Um dos instrumentos cada vez mais utilizados para solucionar conflitos internos e fortalecer a autonomia das comunidades indígenas são os regimentos internos, ou normas, conforme estabelecidas pelas próprias comunidades, respeitando os seus costumes e a organização social.
Para acompanhar mais uma ação de aplicação das normas internas, a equipe jurídica do Conselho Indígena de Roraima (CIR), Junior Nicacio e Fernanda Félix, estiveram nos dias 27 e 28 de março, no Polo de Conciliação e Mediação Elias Souza, na comunidade indígena Maturuca, na região das Serras, na terra indígena Raposa Serra do Sol. A ação também contou com a presença da coordenadora regional dos Operadores em Direitos Indígenas da região Surumu, Francinete Garcia Fernandes, do povo macuxi.
No Polo Indígena, acompanharam o julgamento envolvendo moradores de duas comunidades indígenas da região das Serras, Barreirinha e Pedra Branca. No julgamento, estiveram presentes lideranças indígenas e os mediadores, Gregório de Lima, Jacir Filho, Mara Macuxi, Marilene Macuxi.
A decisão do julgamento baseou-se no regimento regional da Serras que, historicamente, utiliza as práticas culturais para resolver as questões internas, na área penal e civil, conforme explicou Junior Nicacio.
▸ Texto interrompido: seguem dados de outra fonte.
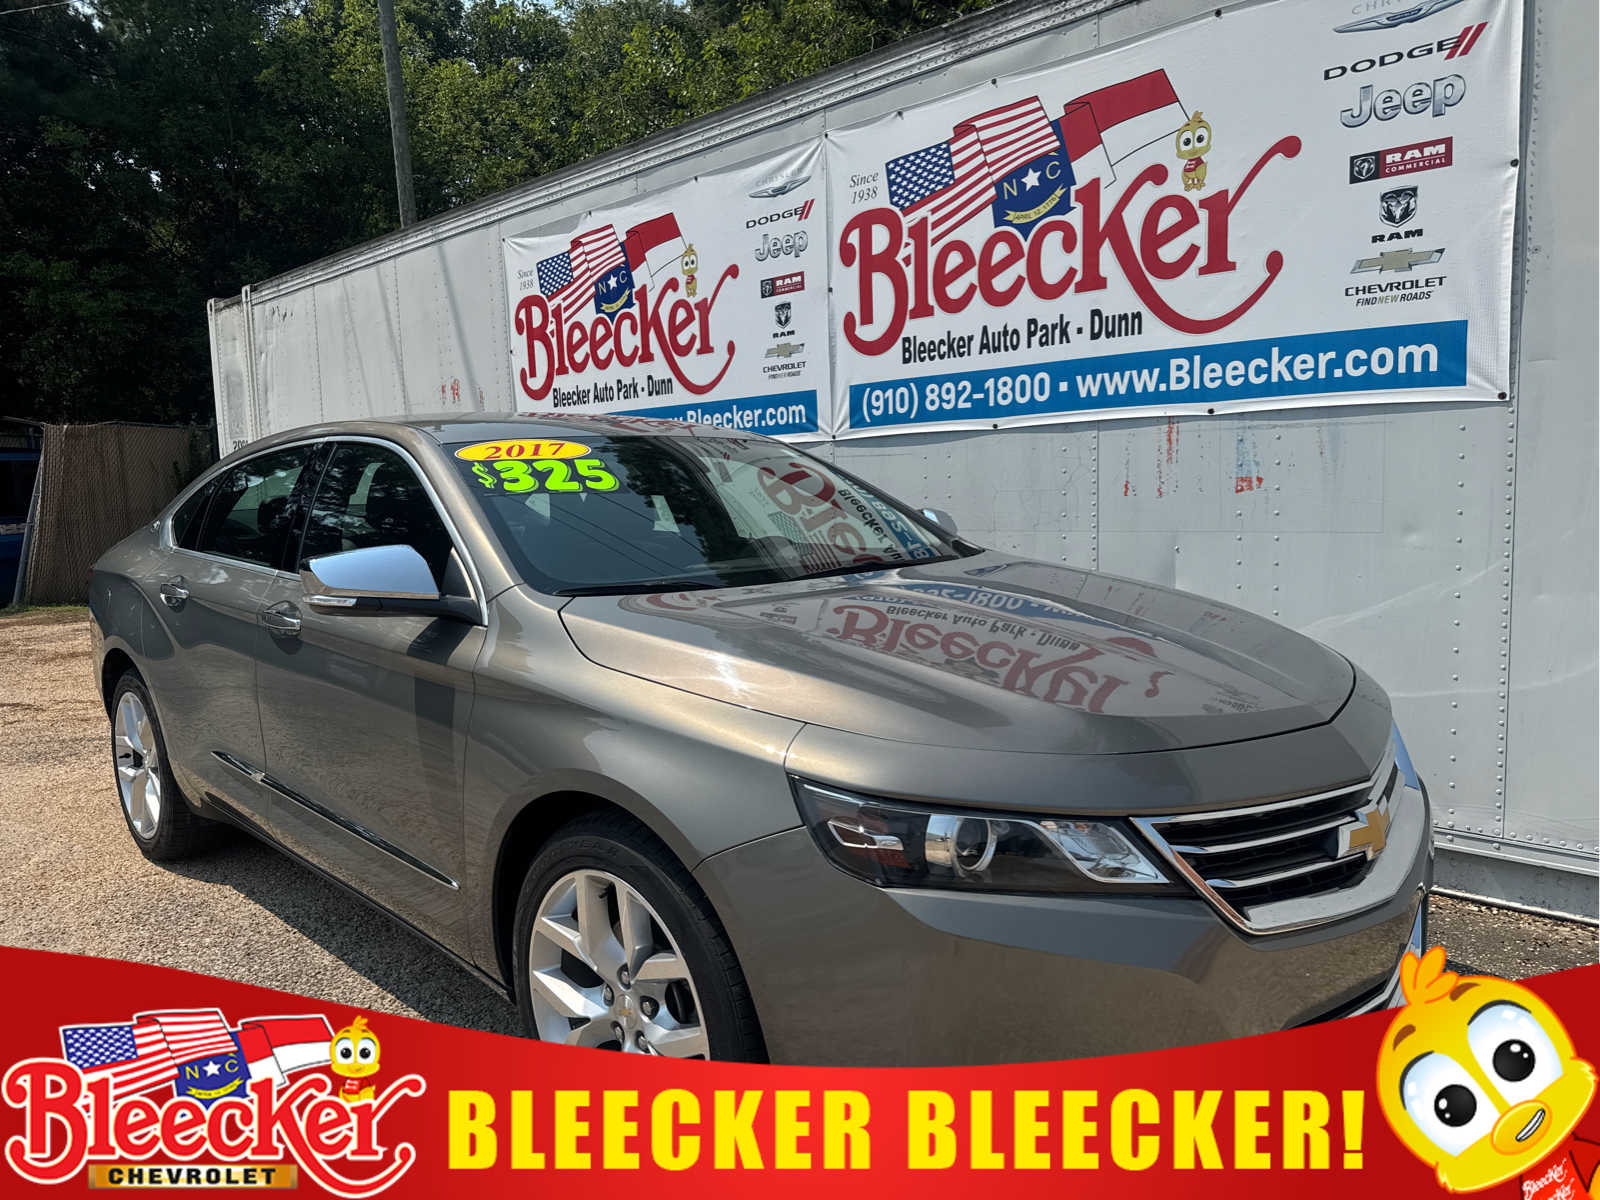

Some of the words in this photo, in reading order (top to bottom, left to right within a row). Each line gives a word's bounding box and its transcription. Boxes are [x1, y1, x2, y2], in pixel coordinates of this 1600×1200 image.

[1323, 35, 1462, 81] DODGE
[1340, 73, 1466, 128] Jeep
[1385, 157, 1446, 173] COMMERCIAL
[1386, 143, 1446, 164] RAM
[850, 172, 879, 188] Since
[1003, 178, 1018, 200] N
[1046, 161, 1061, 179] C
[850, 186, 879, 204] 1938
[745, 206, 805, 229] DODGE
[754, 230, 809, 261] Jeep
[839, 135, 1302, 356] Bleecker
[1371, 228, 1424, 243] RAM
[776, 275, 802, 287] RAM
[1344, 276, 1447, 297] CHEVROLET
[515, 264, 739, 402] Bleecker
[772, 330, 796, 339] RAM
[902, 330, 974, 364] Bleecker
[978, 322, 1020, 355] Auto
[1026, 313, 1071, 349] Park
[1090, 308, 1143, 341] Dunn
[762, 361, 806, 374] CHEVROLET
[552, 384, 591, 408] Bleecker
[593, 382, 615, 403] Auto
[616, 376, 639, 401] Park
[647, 374, 673, 397] Dunn
[862, 387, 918, 422] (910)
[925, 371, 1050, 411] 892-1800
[1076, 343, 1438, 399] www.Bleecker.com
[484, 442, 566, 460] 2017
[471, 459, 620, 492] $325
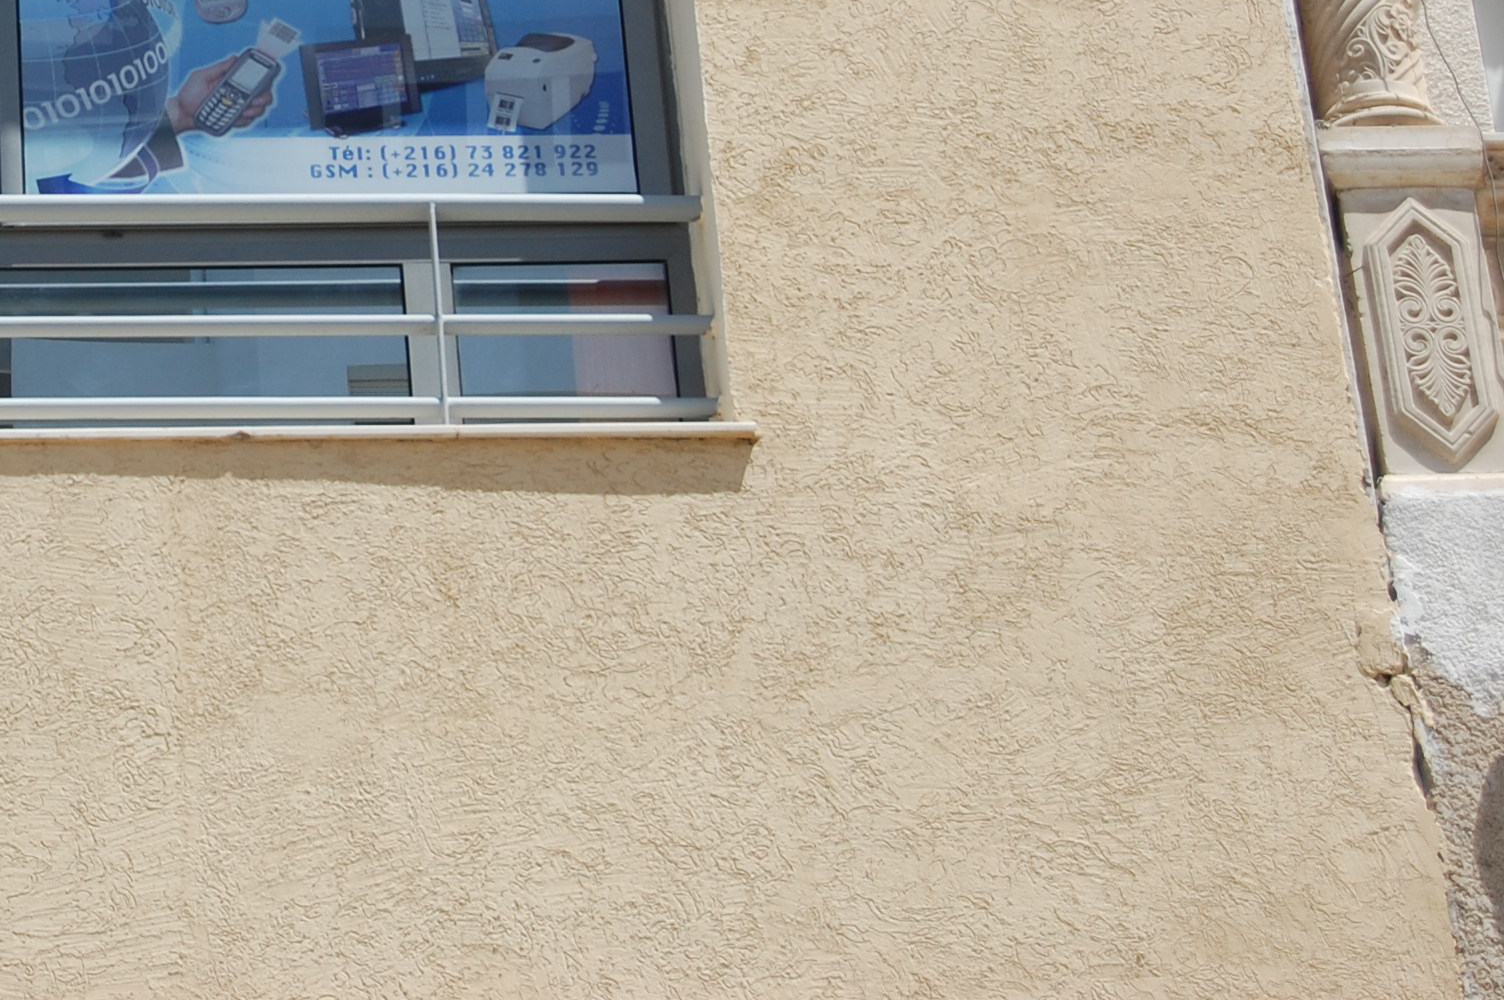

“Para nós da assessoria jurídica do CIR, a resolução dos conflitos internos é o exercício da autonomia dos povos indígenas, mesmo que suas regras não estejam escritas a decisão coletiva tem força de lei. Por exemplo, a região das serras foi a pioneira em aplicar suas normas, no caso conhecido como “Caso Basílio”, ao qual a Justiça Federal reconheceu as Normas dos Macuxis da região Serras”, lembrou Nicacio.

Embora as leis indígenas não estejam escritas ou registradas, são respaltadas juridicamente na Convenção 169 da Organização Internacional do Trabalho (OIT) e nos artigos 231 e 232 da Constituição Federal de 1998, que garante a organização social dos povos indígenas, conforme explicou o assessor jurídico Junior Nicacio.
No dia 28, assessoria jurídica atendeu o Tuxaua Severino Macuxi da comunidade Enseada, que apresentou a decisão da comunidade sobre um fato envolvendo dois jovens. Na ocasião, Fernanda Félix reforçou que as leis indígenas podem ser aplicadas na comunidade com base em seus costumes e tradições culturais.
“Analisamos com êxito a resolução de conflitos pelas comunidades, tendo em vista que fortalece a autonomia e a organização social dos povos originários”, esclareceu Fernanda, ao citar os tipos de Regimentos, regionais ou comunitários.

Reforçou que em casos, como o da comunidade Enseada, a decisão fixou condições de acordo com a tradicionalidade dos povos indígenas.
Atualmente, coordenado pela professora Mara Macuxi, o Polo leva nome em homenagem ao professor e liderança indígena “Elias Souza”, do povo Macuxi, morador da comunidade Maturuca, falecido em 2021, vitíma de Covid-19.
Para a coordenadora, o polo não substitui a autonomia das lideranças indígenas. “O trabalho consiste em mediar os conflitos com base na demanda apresentada pelos tuxauas e não substituir a autonomia das lideranças”, explicou Teixeira.
Também esclareceu que atuação é restrita às comunidades indígenas da região Serras, município de Uiramutã, que faz parte da Comarca de Pacaraima, e atende uma população de aproximadamente 15 mil indígenas e 78 comunidades.
Polo de Conciliação e Mediação “Elias Souza”
O Polo de Conciliação e Mediação Indígena “ Elias Souza”, é o primeiro do Brasil, inaugurado em 2015, com a presença do ex-ministro do Supremo Tribunal Federal (STF), à época presidente do STF e do Conselho Nacional de Justiça (CNJ), Ricardo Lewandowski.
A inauguração ocorreu com a entrega do certificado de conclusão do curso de Conciliadores e Mediadores aos primeiros 16 indígenas conciliadores do Brasil.